## WORK ORDER
Can you transcribe every entry word for word, skipping the images?

## INFORMATION GIVEN
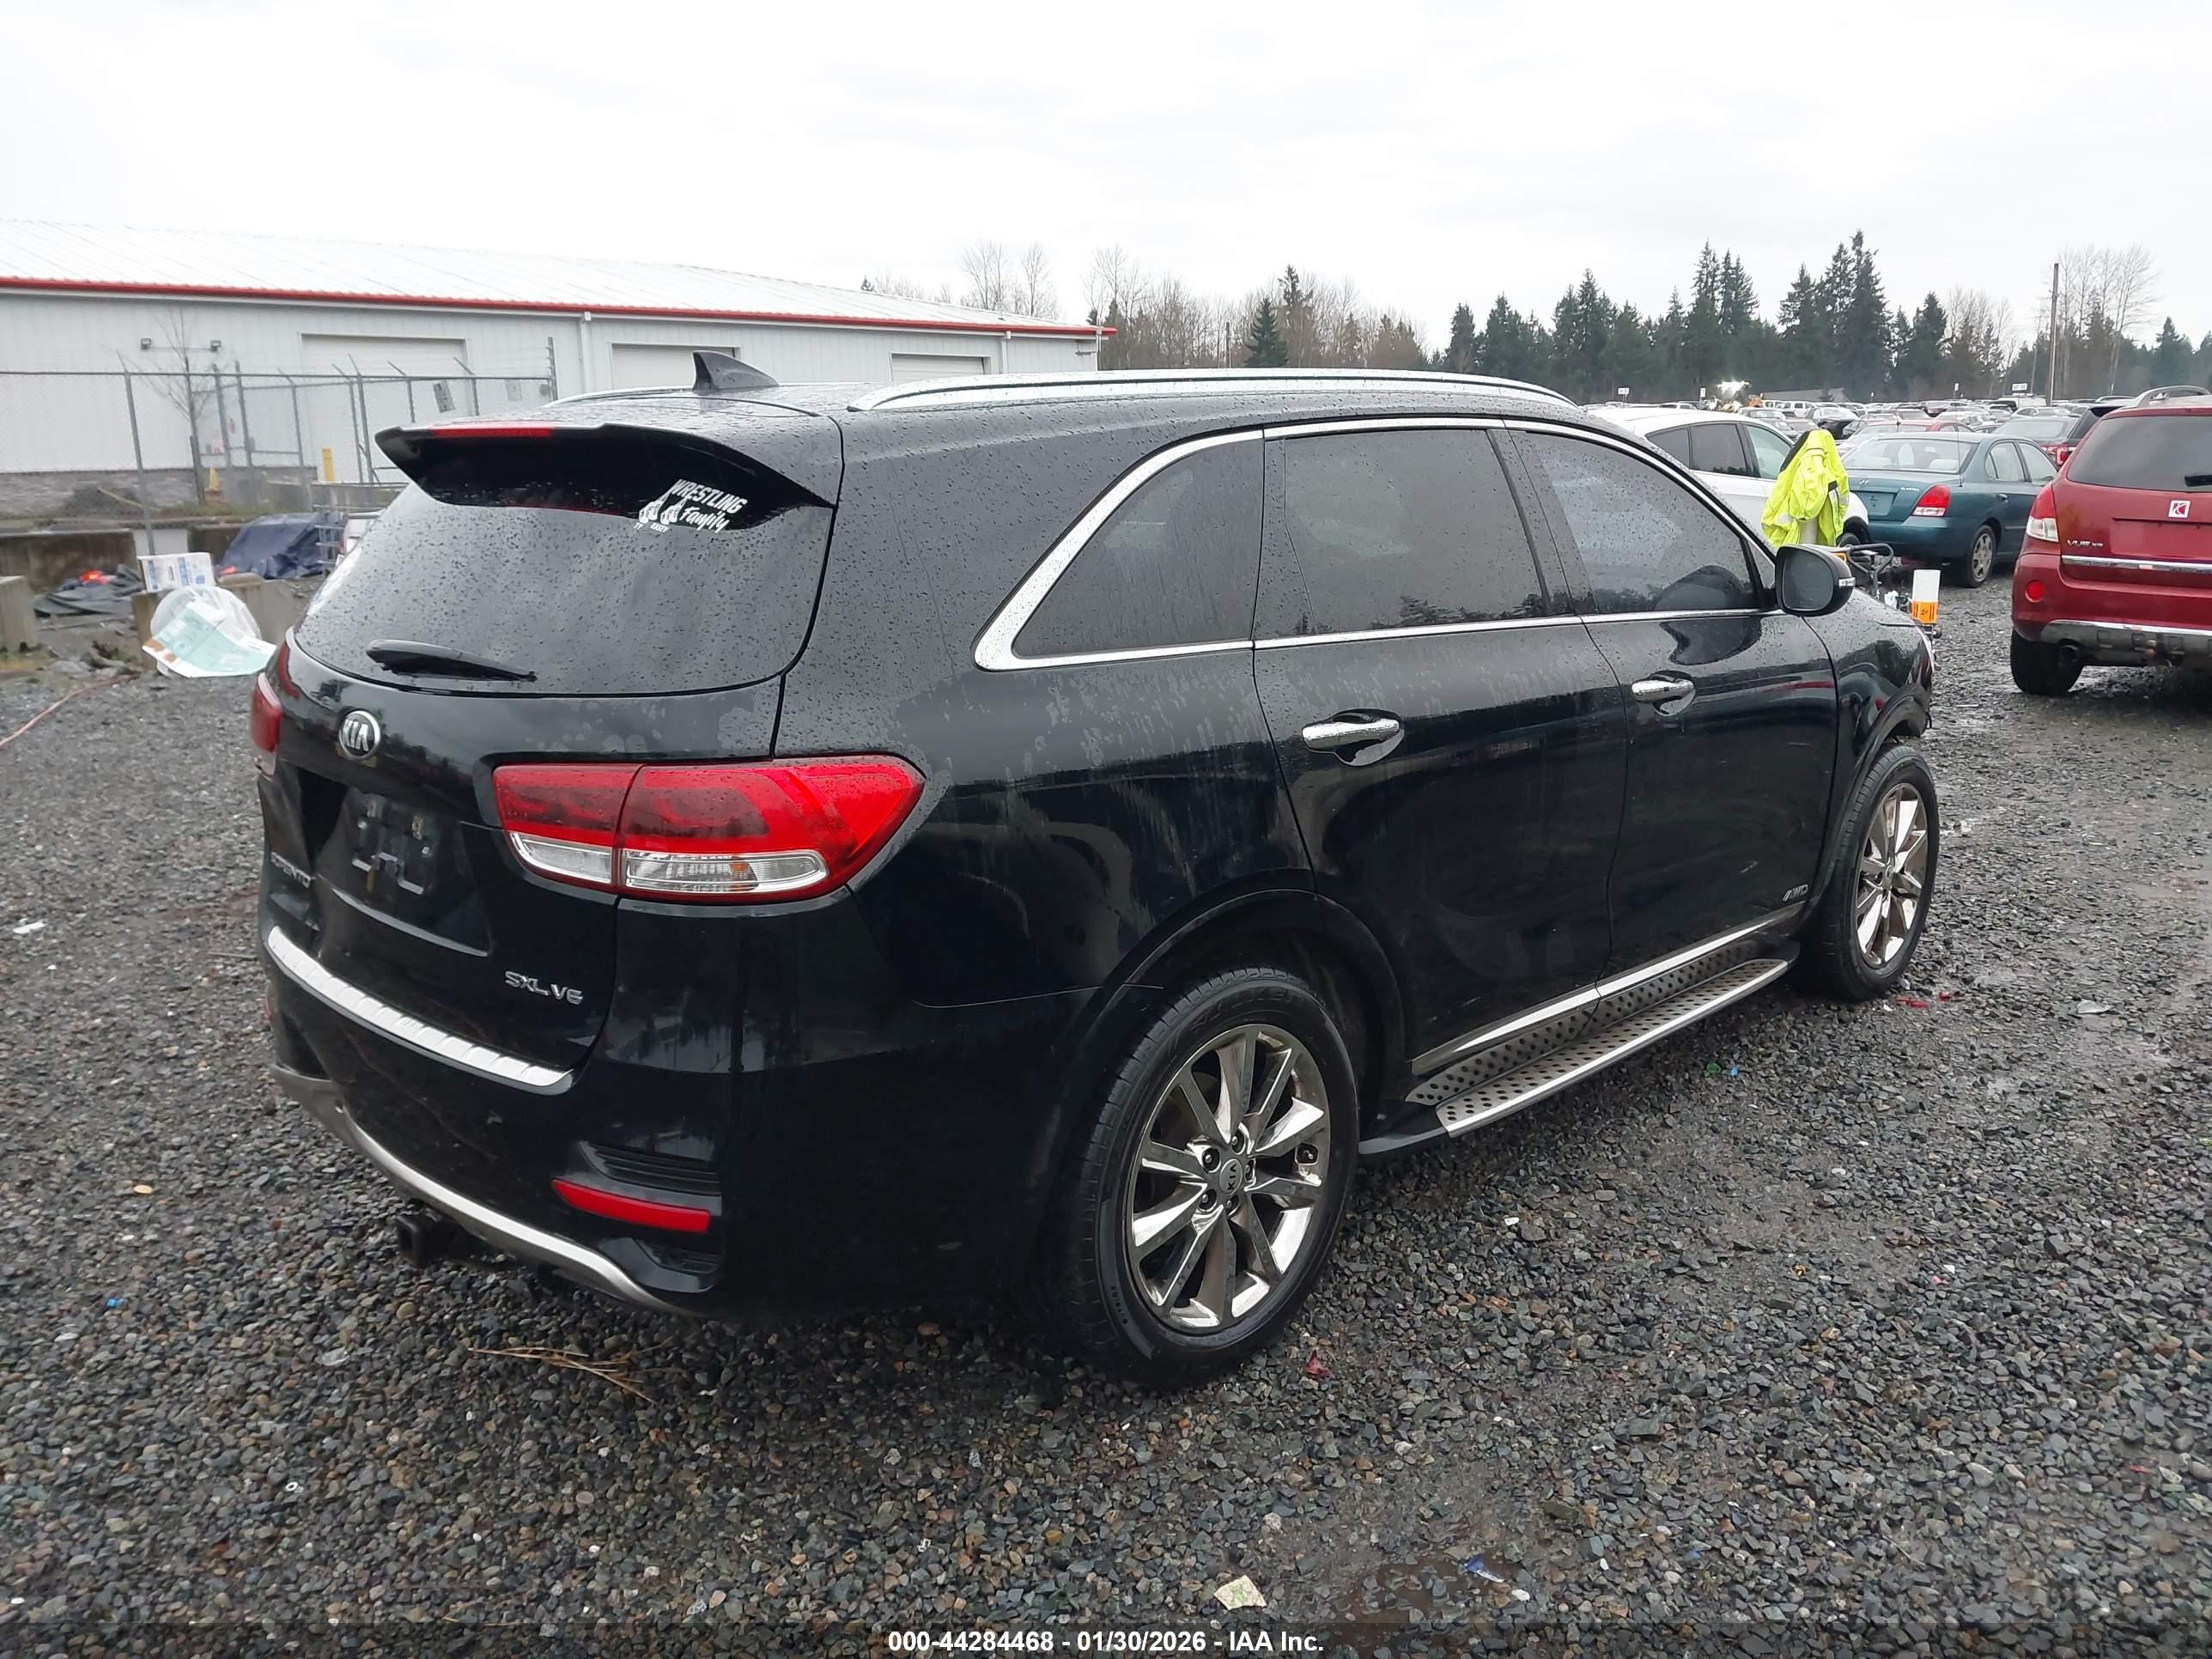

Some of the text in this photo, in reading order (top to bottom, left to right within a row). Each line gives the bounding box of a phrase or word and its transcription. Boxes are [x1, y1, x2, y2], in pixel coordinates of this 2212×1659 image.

[671, 478, 748, 514] WRESTLING
[679, 505, 730, 534] Family
[343, 719, 368, 751] KIA
[1783, 884, 1808, 902] AWD
[504, 970, 583, 1006] SXL V6
[1227, 1163, 1237, 1190] KIA

## EXPECTED ANSWER
Some of the text in this photo, in reading order (top to bottom, left to right within a row). Each line gives the bounding box of a phrase or word and its transcription. Boxes are [x1, y1, x2, y2], in pixel coordinates of this 2212×1659 image.

[671, 478, 748, 514] WRESTLING
[679, 505, 730, 534] Family
[343, 719, 368, 751] KIA
[1783, 884, 1808, 902] AWD
[504, 970, 583, 1006] SXL V6
[1227, 1163, 1237, 1190] KIA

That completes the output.